Resume Checklist (2026)

A complete checklist to review before submitting your resume — covering contact info, content, ATS formatting, and final proofreading. Go through every item before you apply.

Contact Information

Full name is the largest text on the page
Email is professional (firstname.lastname@gmail.com style)
Phone number is current and has a voicemail set up
City and state/country — no full street address needed
LinkedIn URL is current and profile is up to date
GitHub URL (for tech roles) is included
Portfolio URL is included if applicable
No photo, date of birth, marital status, or religion

Professional Summary

Summary is 2–3 sentences (not an objective if experienced)
Mentions your role title and years of experience
Includes at least one quantified achievement
Names the primary tools or domain relevant to this role
Is tailored to this specific job (not generic)
Avoids buzzwords like 'hardworking', 'passionate', 'results-driven'

Work Experience

Jobs listed in reverse-chronological order (most recent first)
Each role shows: Company, Job Title, City, Start–End Dates
Every bullet starts with a strong action verb
At least half the bullets include a quantified result
No bullets that just describe duties without showing impact
Most recent role has 4–6 bullets; older roles have 2–3
No jobs older than 12 years listed in full detail

Skills

Skills are grouped by category (Languages, Frameworks, Tools, etc.)
Skills list matches the key requirements in the job description
No skill bars, ratings, or percentages
Soft skills removed or shown through experience (not listed directly)
Only lists skills you can discuss confidently in an interview

Education

Degree, institution, and graduation year are included
GPA included only if 7.5/10+ (or 3.5/4.0+)
No high school if you have a degree
Relevant coursework included for freshers/recent grads

ATS & Formatting

Single-column layout (no sidebar, no tables, no text boxes)
Standard section headings (Experience, Education, Skills, not creative alternatives)
No graphics, icons, or decorative elements
Font is standard: Calibri, Georgia, Arial, or Garamond
Body font size is 10–12pt; name is 16–20pt
ATS score has been checked against the target job description
Keywords from the job description appear in summary, skills, and bullets

Proofreading & Submission

No spelling errors anywhere — ran spell check AND read aloud
Consistent formatting throughout (same bullet style, date format, etc.)
No orphaned lines or awkward page breaks
File saved as PDF (unless employer specified DOCX)
File name is professional: FirstName-LastName-Resume.pdf
Resume is one page (under 7 years experience) or two pages (7+ years)
Had at least one other person read it for a fresh perspective

Run an automated ATS check

Resumly's ATS checker covers many of these checklist items automatically — keyword coverage, formatting issues, and missing sections.

FAQ

How do I know if my resume is ready to submit?

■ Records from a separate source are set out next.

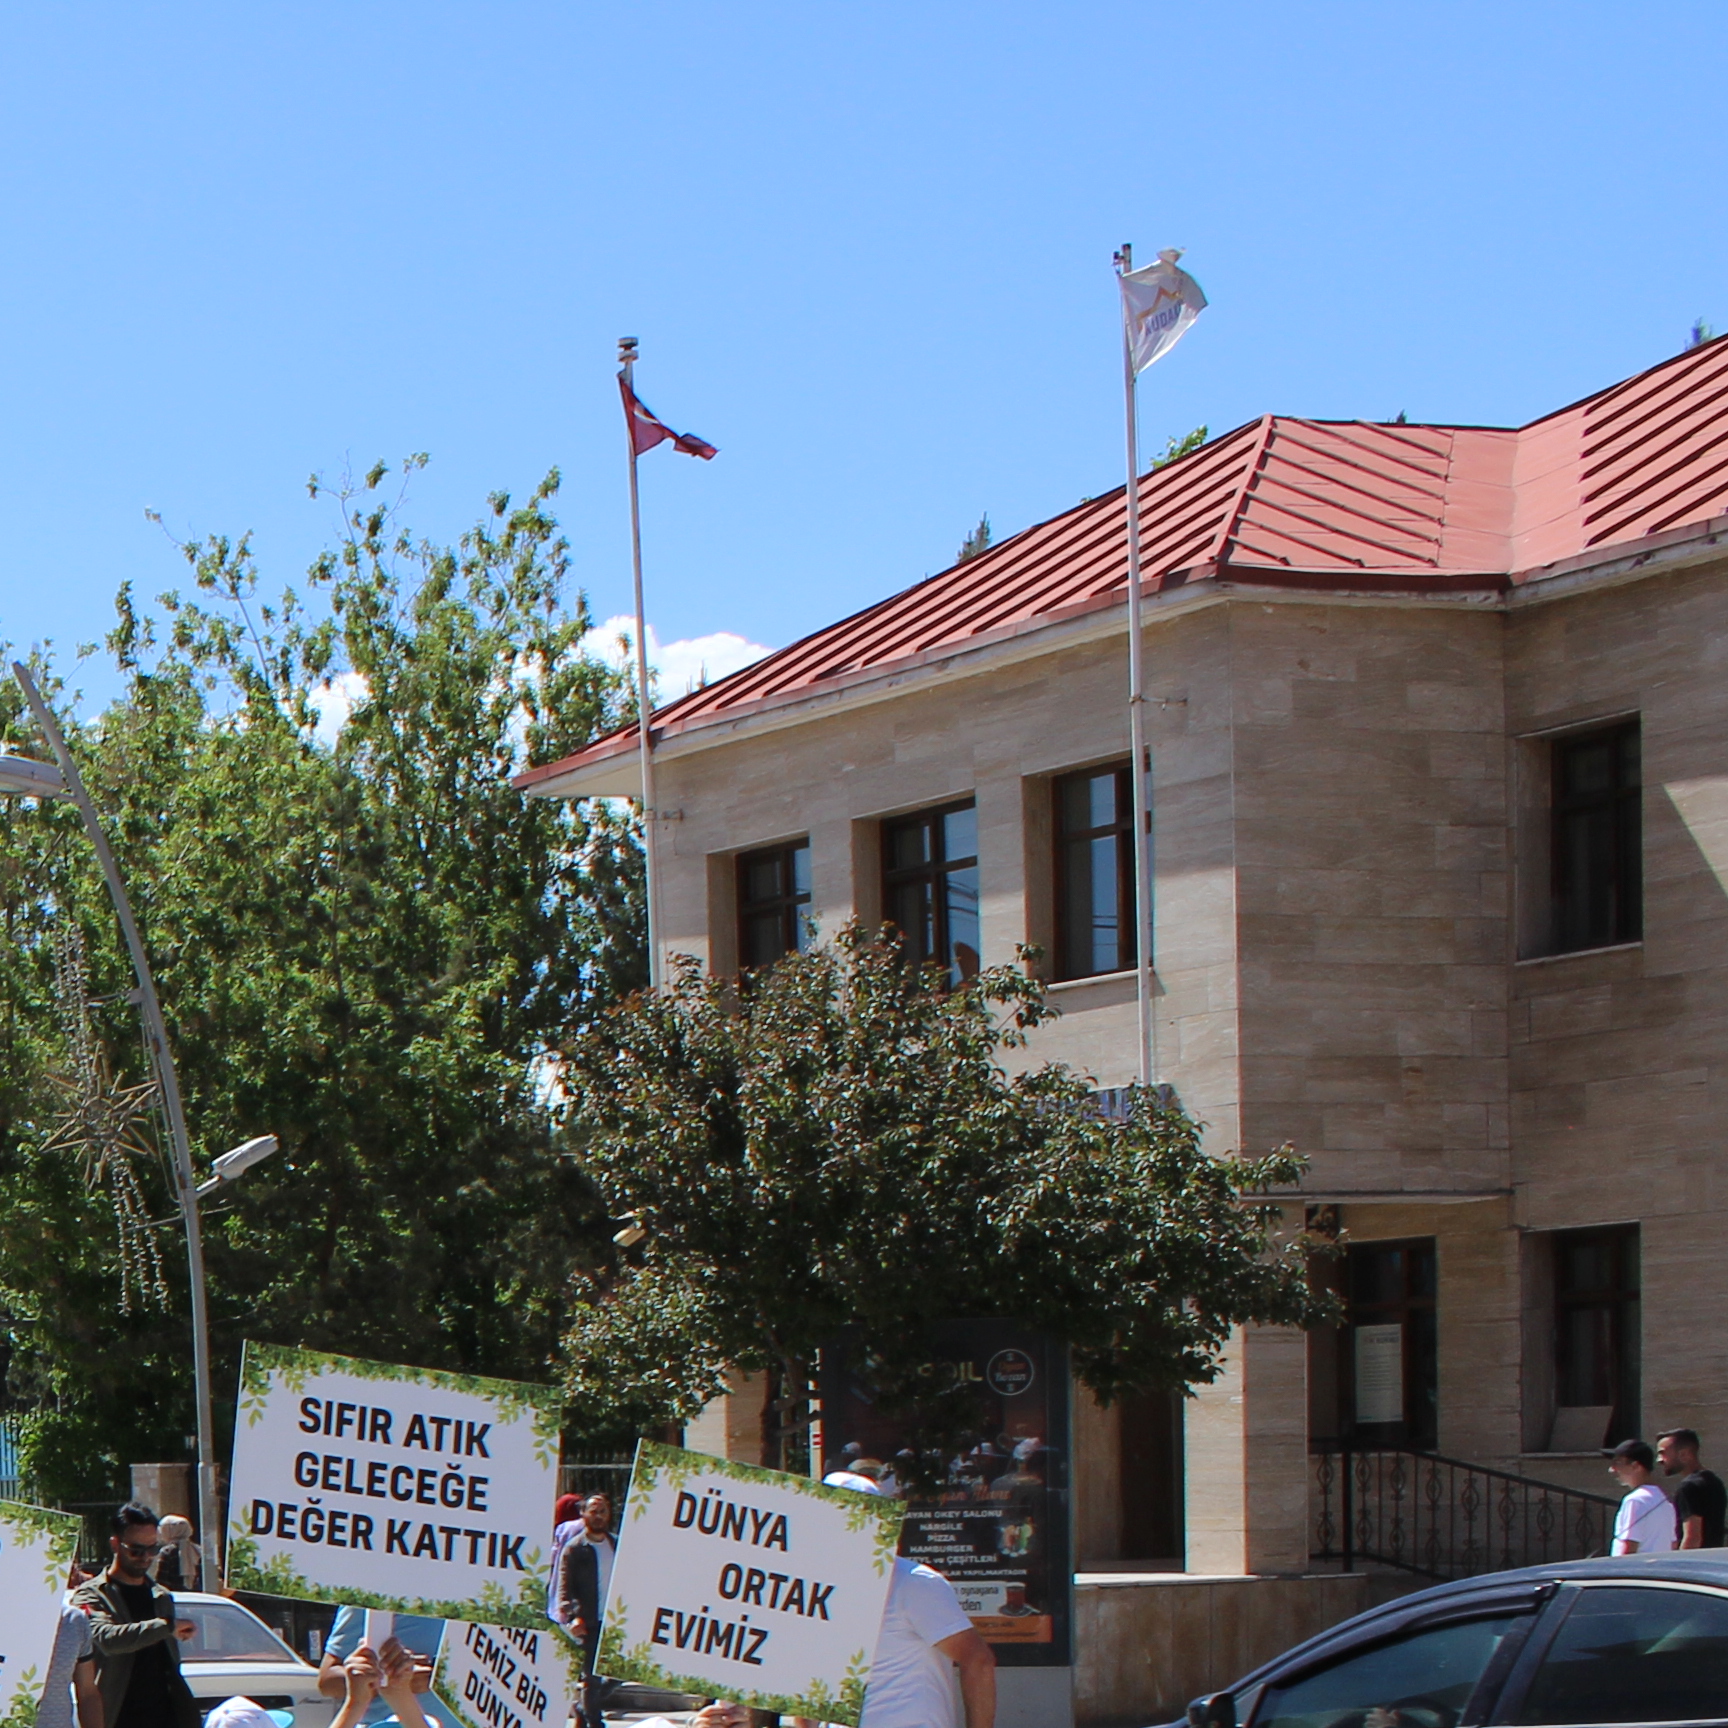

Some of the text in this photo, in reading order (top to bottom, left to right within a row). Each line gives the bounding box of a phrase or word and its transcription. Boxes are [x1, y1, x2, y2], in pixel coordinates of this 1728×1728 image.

[298, 1397, 492, 1459] SIFIR ATIK
[294, 1451, 490, 1512] GELECEĞE
[250, 1497, 527, 1571] DEĞER KATTIK
[672, 1488, 788, 1552] DÜNYA
[904, 1510, 1003, 1519] AYAN OKEY SALONU
[919, 1521, 964, 1531] NARGİLE
[910, 1544, 974, 1553] HAMBURGER
[946, 1553, 997, 1566] ÇEŞİTLERİ
[718, 1563, 835, 1621] ORTAK
[650, 1605, 769, 1666] EVİMİZ
[464, 1623, 547, 1722] TEMİZ BİR

Go through a resume checklist covering: (1) contact info is current and correct, (2) summary is tailored to the specific role, (3) every bullet shows impact or a number, (4) skills match the job description, (5) no typos or formatting inconsistencies, (6) ATS score is checked, (7) file is saved as PDF with a clean name.

Should I get someone else to review my resume?

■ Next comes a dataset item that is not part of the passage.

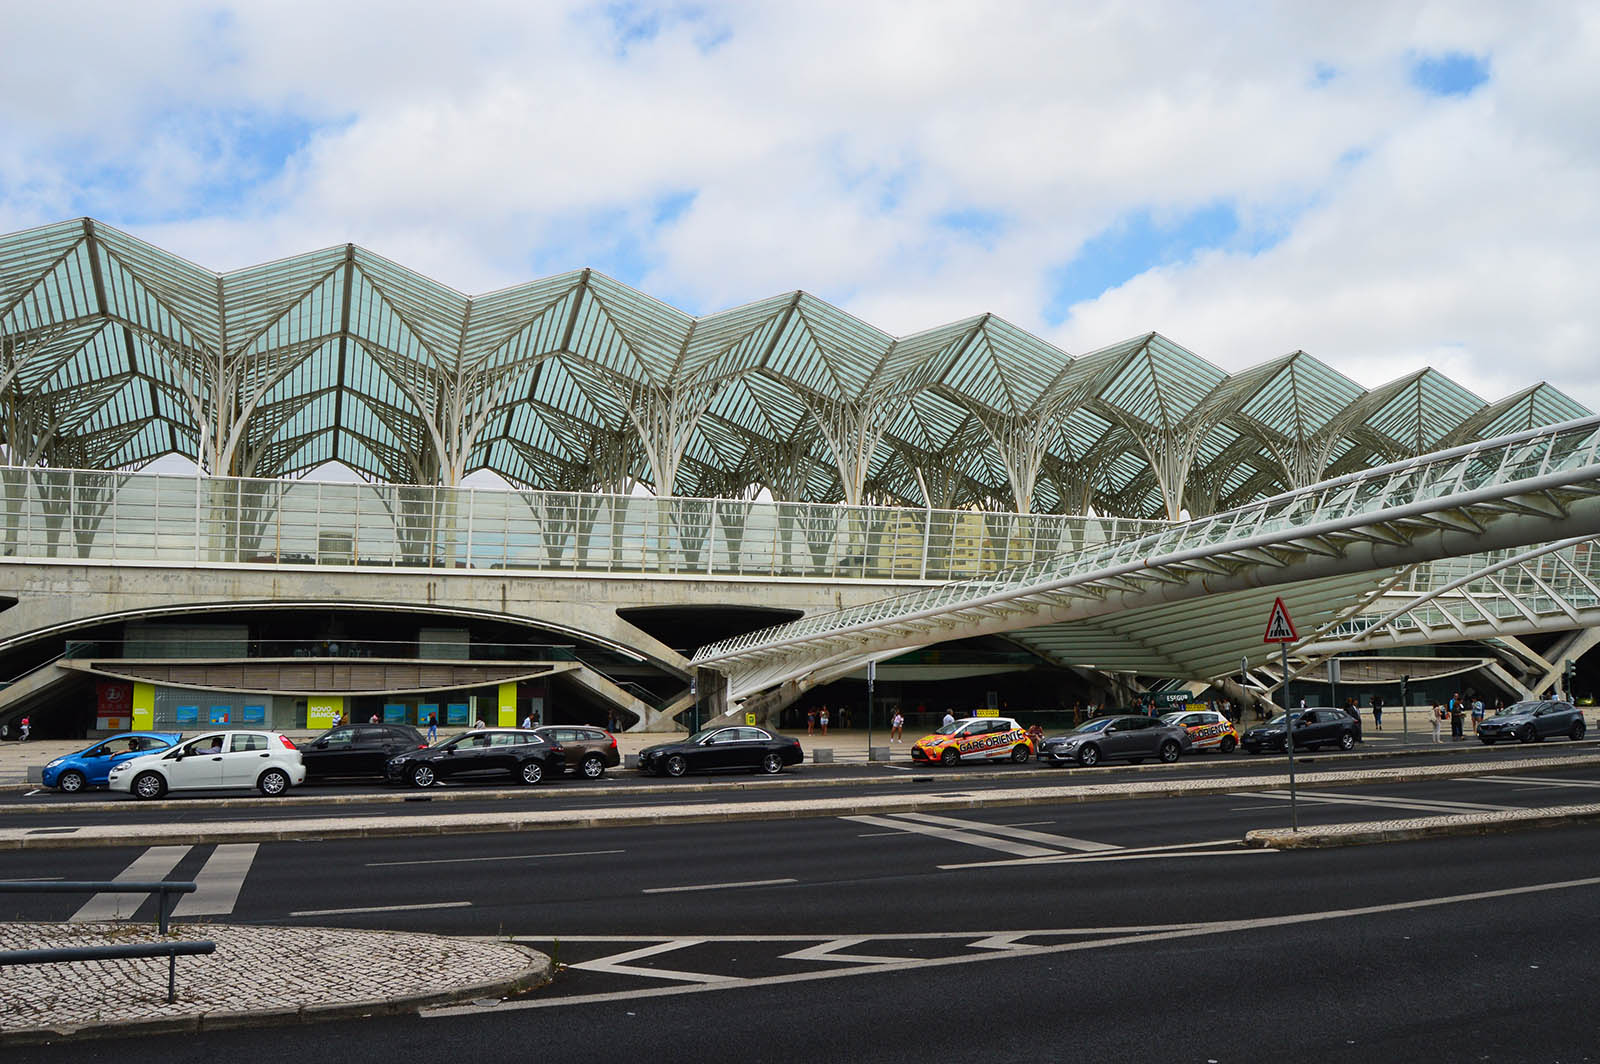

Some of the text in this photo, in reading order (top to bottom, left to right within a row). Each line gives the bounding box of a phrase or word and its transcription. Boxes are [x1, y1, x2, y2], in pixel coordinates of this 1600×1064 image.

Yes, if possible. Have someone unfamiliar with your career read it for 10 seconds and describe what you do. If they can't summarize your role and biggest win accurately, your resume isn't clear enough. A fresh pair of eyes also catches typos you've read past a hundred times.

How should I save and name my resume file?

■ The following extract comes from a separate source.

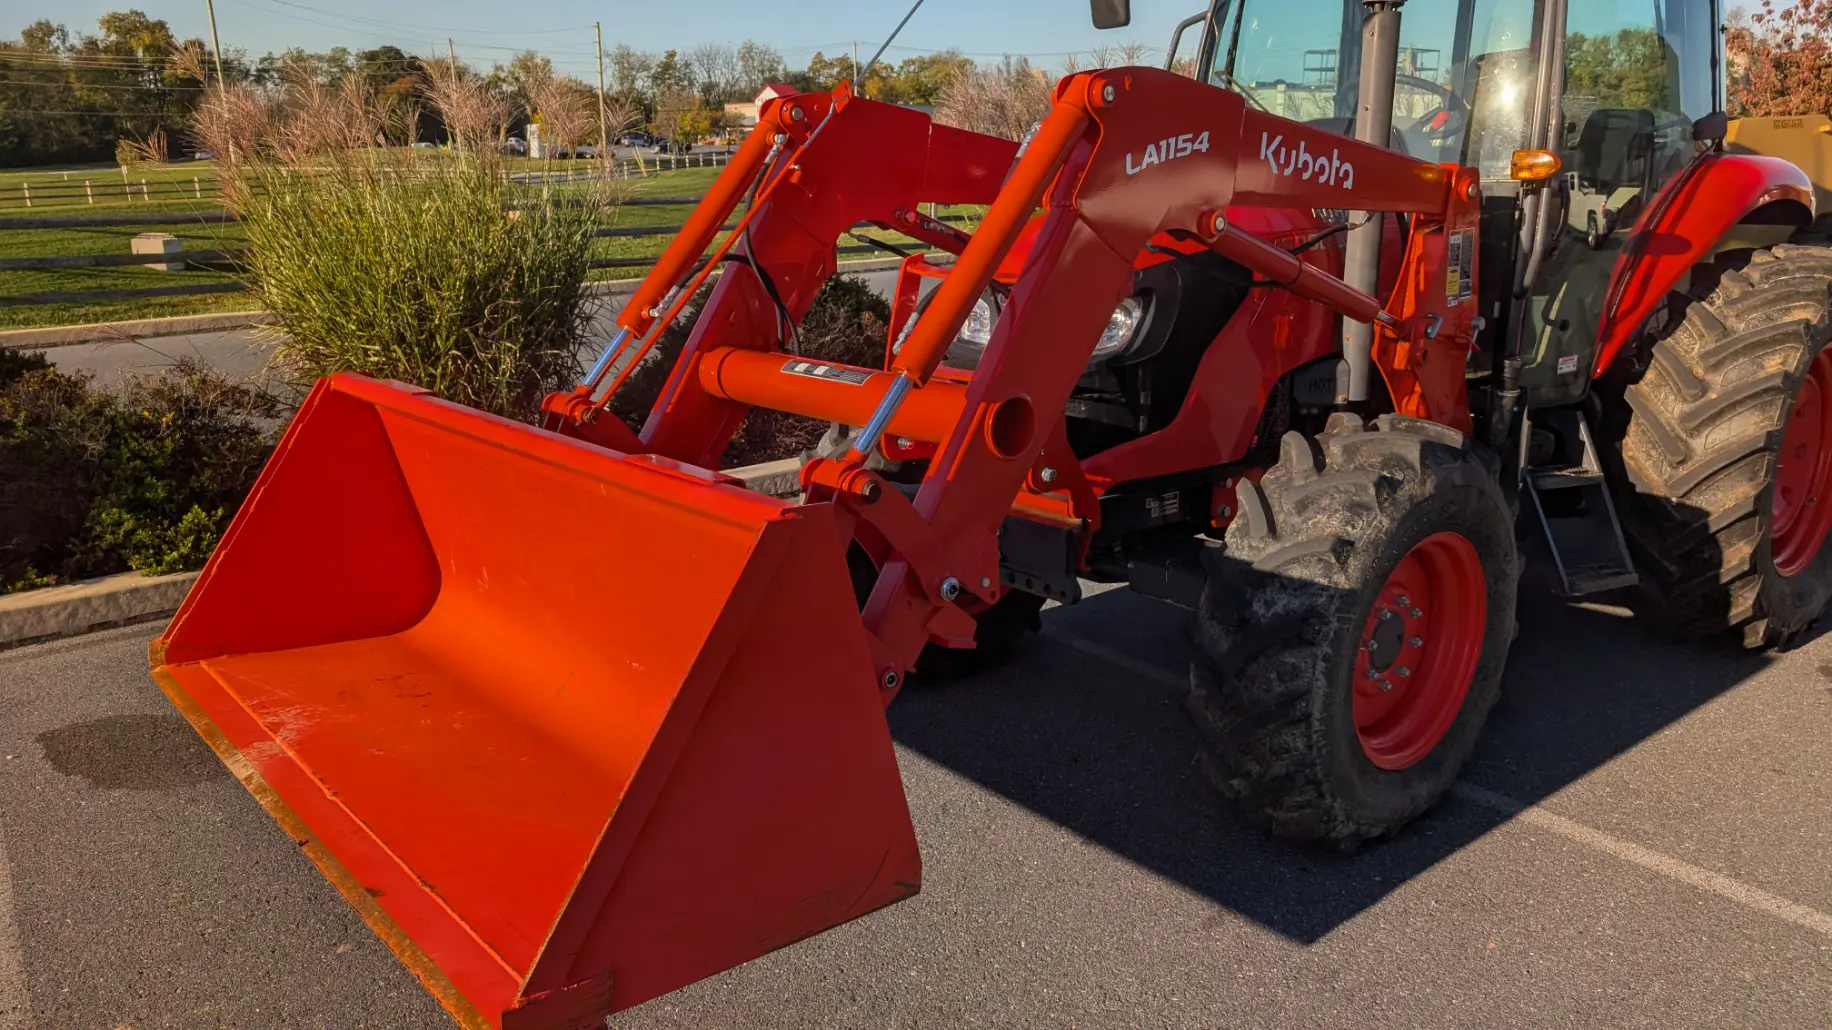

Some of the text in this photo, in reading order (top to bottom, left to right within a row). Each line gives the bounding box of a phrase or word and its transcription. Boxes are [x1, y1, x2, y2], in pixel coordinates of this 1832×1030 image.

[1126, 131, 1210, 175] LA1154
[1260, 131, 1354, 189] Kubota
[1308, 378, 1333, 393] HOT

Save as PDF unless the employer requests DOCX. Name the file professionally: FirstName-LastName-Resume.pdf or FirstName-LastName-RoleName-Resume.pdf. Avoid generic names like 'My Resume Final v3.pdf' — recruiters download dozens of files and you want yours identifiable.

How often should I update my resume?

Update your resume every 6 months even when you're not actively job searching. Add new skills, projects, and achievements while they're fresh. A resume that's 3 years stale requires a major overhaul when you urgently need it — update incrementally and you're always job-search-ready.